Weekly Movie Reviews: Oct 8-14, 2017
Favorite Movie of the Week
The Sound of Music (1965)
I’m not sure how I’d never seen The Sound of Music, I’ve known songs from it ever since I can remember and I know it’s one of best-known classic movies all around the world.
Maria, a young Austrian woman, is a nun in training in a convent in Salzburg. She is excitable and easily distracted though, which are not qualities that nuns usually possess. So the abbess of her convent decides to send her to the Von Trapp family as a governess for a few months to help her decide if she really wants to be a nun. Maria finds seven lovely children who are desperate to get their father’s attention since he has been extremely strict and aloof since their mother died. She brings joy back to the family’s life but fresh difficulties for them arise as Austria is annexed to Nazi Germany.
I find that older movies don’t hold my attention quite as easily as newer ones do, but I didn’t have that problem at all with The Sound of Music, despite it being over fifty years old and about three hours long. The songs are fabulous and I still have a couple stuck in my head. The pacing is perfect, just as you’re starting to wish a conflict in the movie was solved, it does and the movie throws something else at you. The actors are wonderful, adding both humor and drama without either feeling disingenuous. The whole movie has a cozy warmth to it that I can’t quite describe. I know why everyone loves it so much now!
Other Movies Watched
Sin Nombre (2009)
Sin Nombre follows Sayra, a Honduran teenager, and Willy, a young Mexican gangster. Sayra and her family (including her father that she hasn’t seen since she was very young) are on a perilous journey through Mexico to attempt crossing the border into the United States. Casper is growing disillusioned with gang life and is looking for a way out so that he can keep his girlfriend safe. Both their stories eventually intersect on the train that Sayra is traveling on.

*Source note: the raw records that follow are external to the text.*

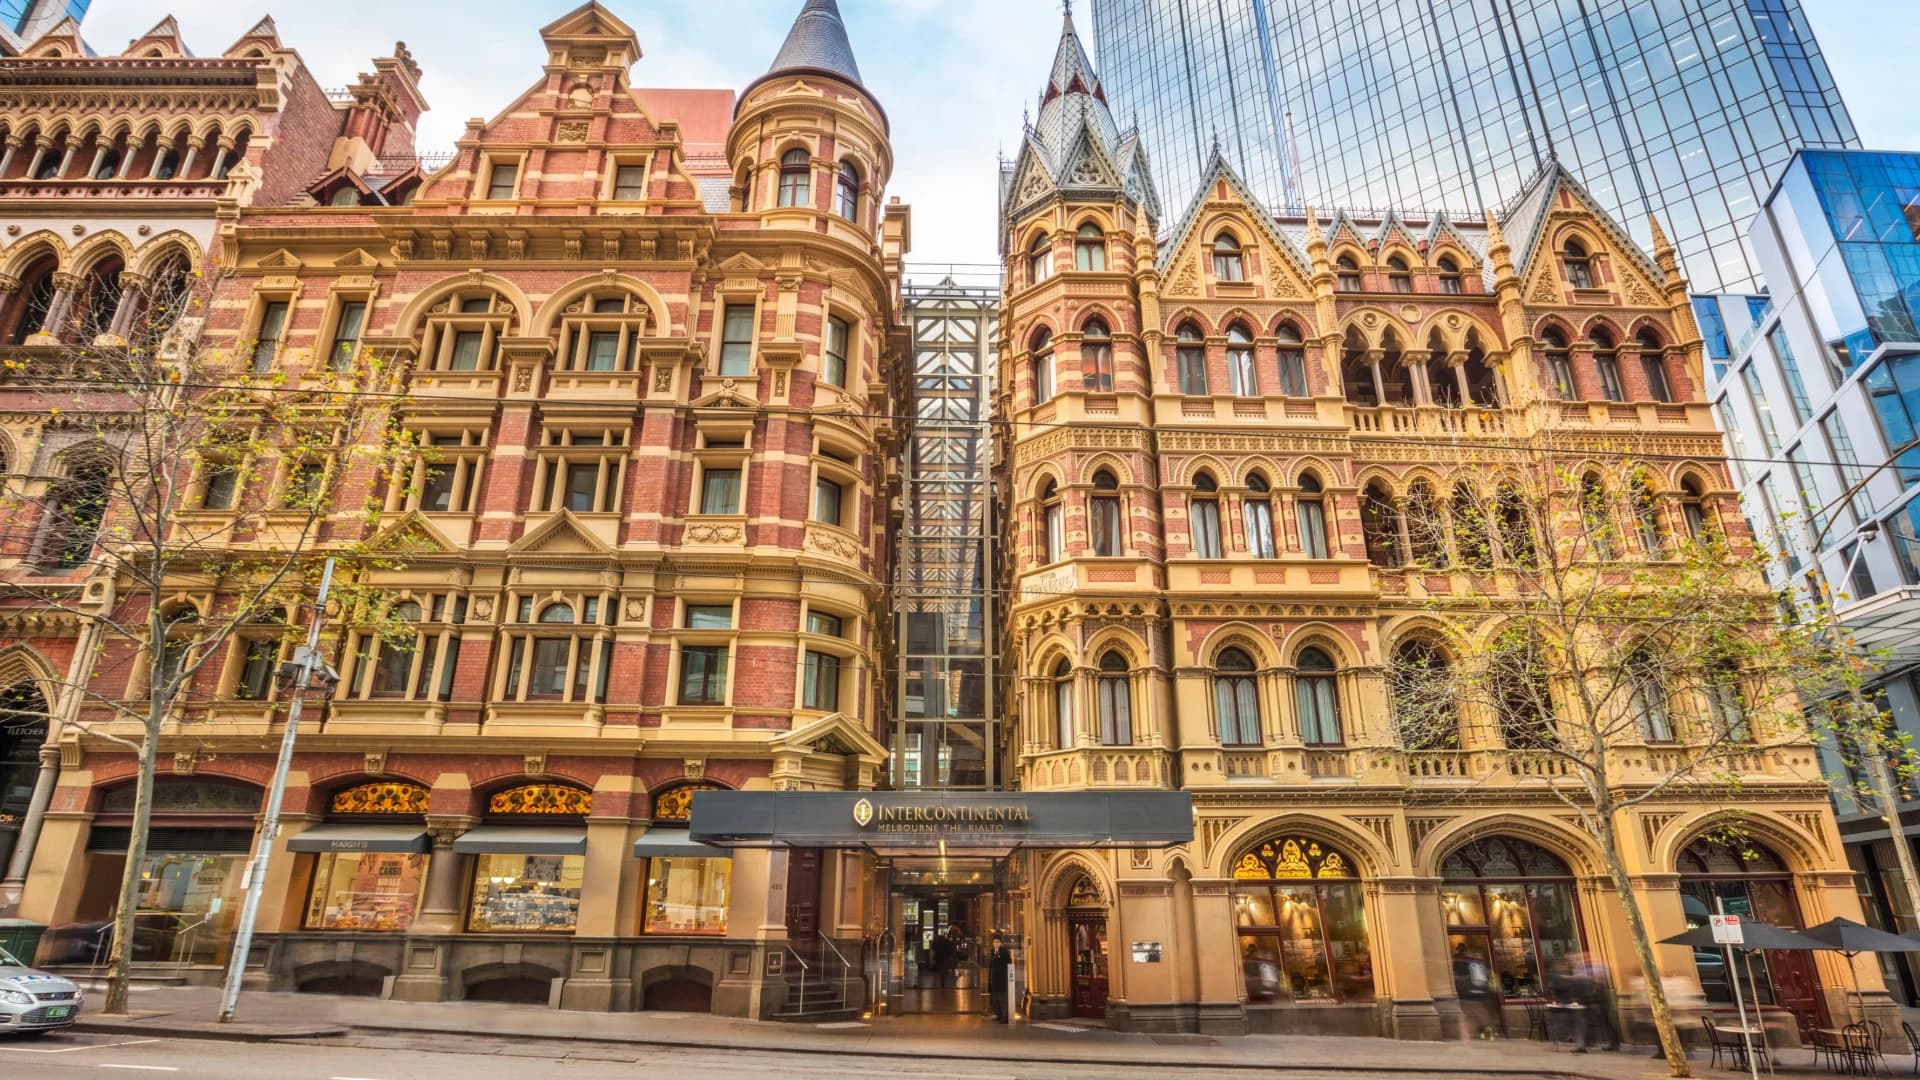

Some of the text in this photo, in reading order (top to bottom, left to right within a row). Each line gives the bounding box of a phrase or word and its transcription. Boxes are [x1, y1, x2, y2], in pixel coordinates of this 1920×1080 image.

[878, 804, 1034, 821] INTERCONTINENTAL
[877, 824, 1004, 832] MELBOURNE THE RIALTO
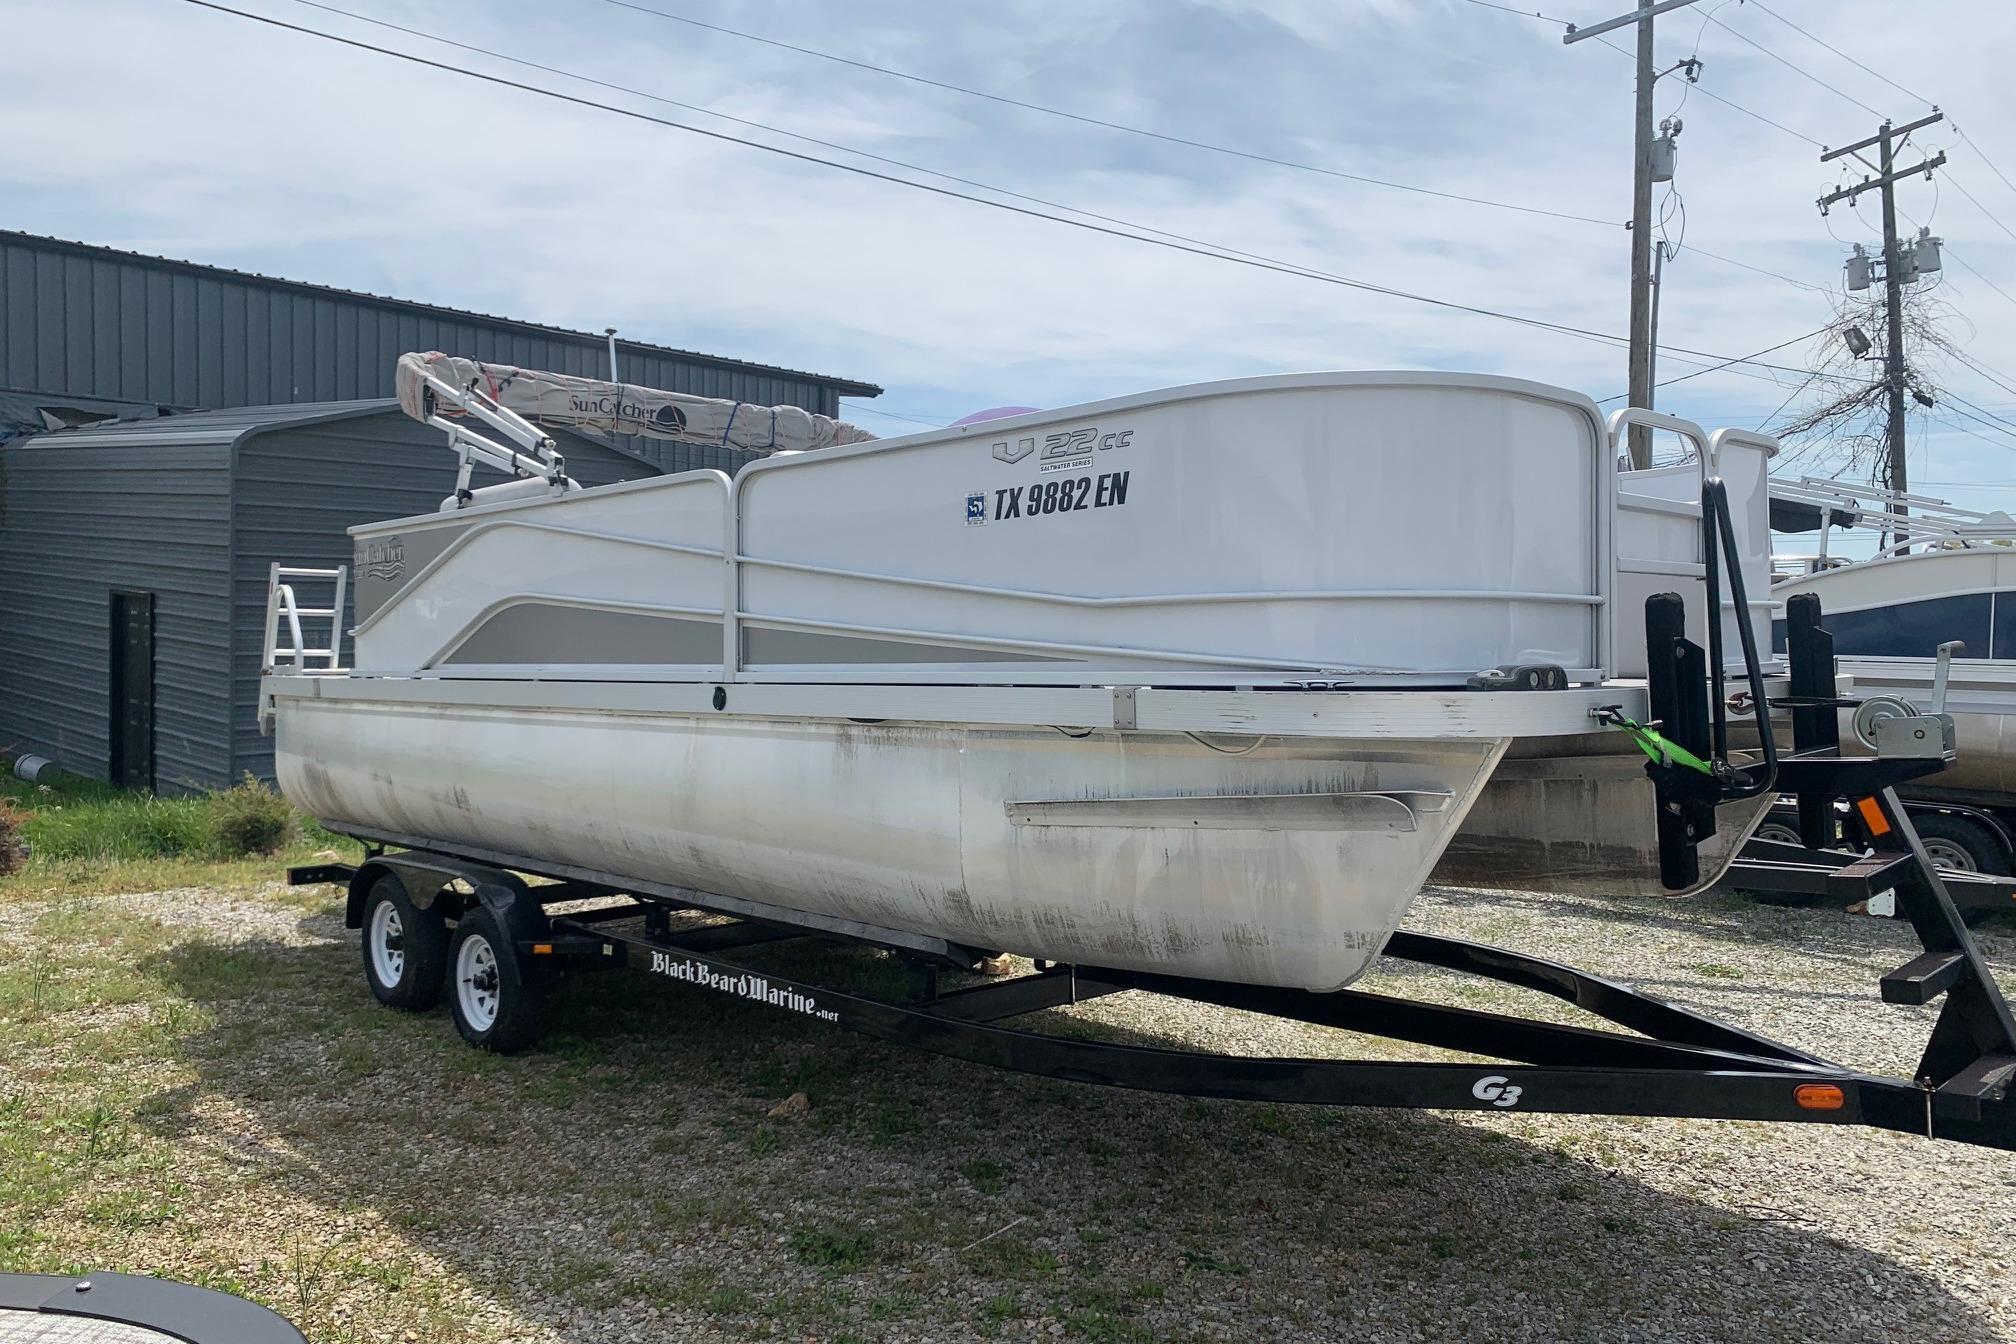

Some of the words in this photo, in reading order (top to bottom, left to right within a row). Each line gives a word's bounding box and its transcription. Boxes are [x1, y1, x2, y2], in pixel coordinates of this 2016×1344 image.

[1040, 463, 1071, 472] SALTWATER
[1071, 459, 1091, 468] SERIES
[994, 486, 1024, 520] TX
[1026, 476, 1092, 516] 9882
[1094, 470, 1130, 508] EN
[1472, 1075, 1523, 1107] G3

This is a exceptional movie. It is not always easy to watch; it is brutally violent (but in realistic ways) and some bad things happen to people, including children. But it also has moments of beauty and hope. First-time writer/director Cary Fukunaga (later famous for True Detective and Beasts of No Nation) is phenomenal, the writing, the pacing, the atmosphere, the acting, and everything else was outstanding. Everything about the movie seems authentic (I read that Fukunaga spent two years researching the movie by spending time with real gangsters and with people looking to move to the United States), especially the people in it. The cast features several non-professional actors so that helps. The story that the movie tells is a huge part of its success, it offers an unrelentingly realistic view of people whose situations are so hopeless that illegal immigration seems like a good option.
Jumanji (1995)
Alan Parrish finds a mysterious board game named Jumanji on a construction site and starts playing a game with his friend Sarah. Jumanji isn’t just a game, though. It can actually affect the real world and they find this out the hard way when Alan vanishes while Sarah flees from a horde of bats. Decades later, siblings Judy and Peter move into Alan’s old house and inadvertently resume Alan and Sarah’s old game and release a grown-up Alan from 26 years of being alone in the jungle. Now the four of them must finish the game and brave all the dangers that entails so that things can return to normal.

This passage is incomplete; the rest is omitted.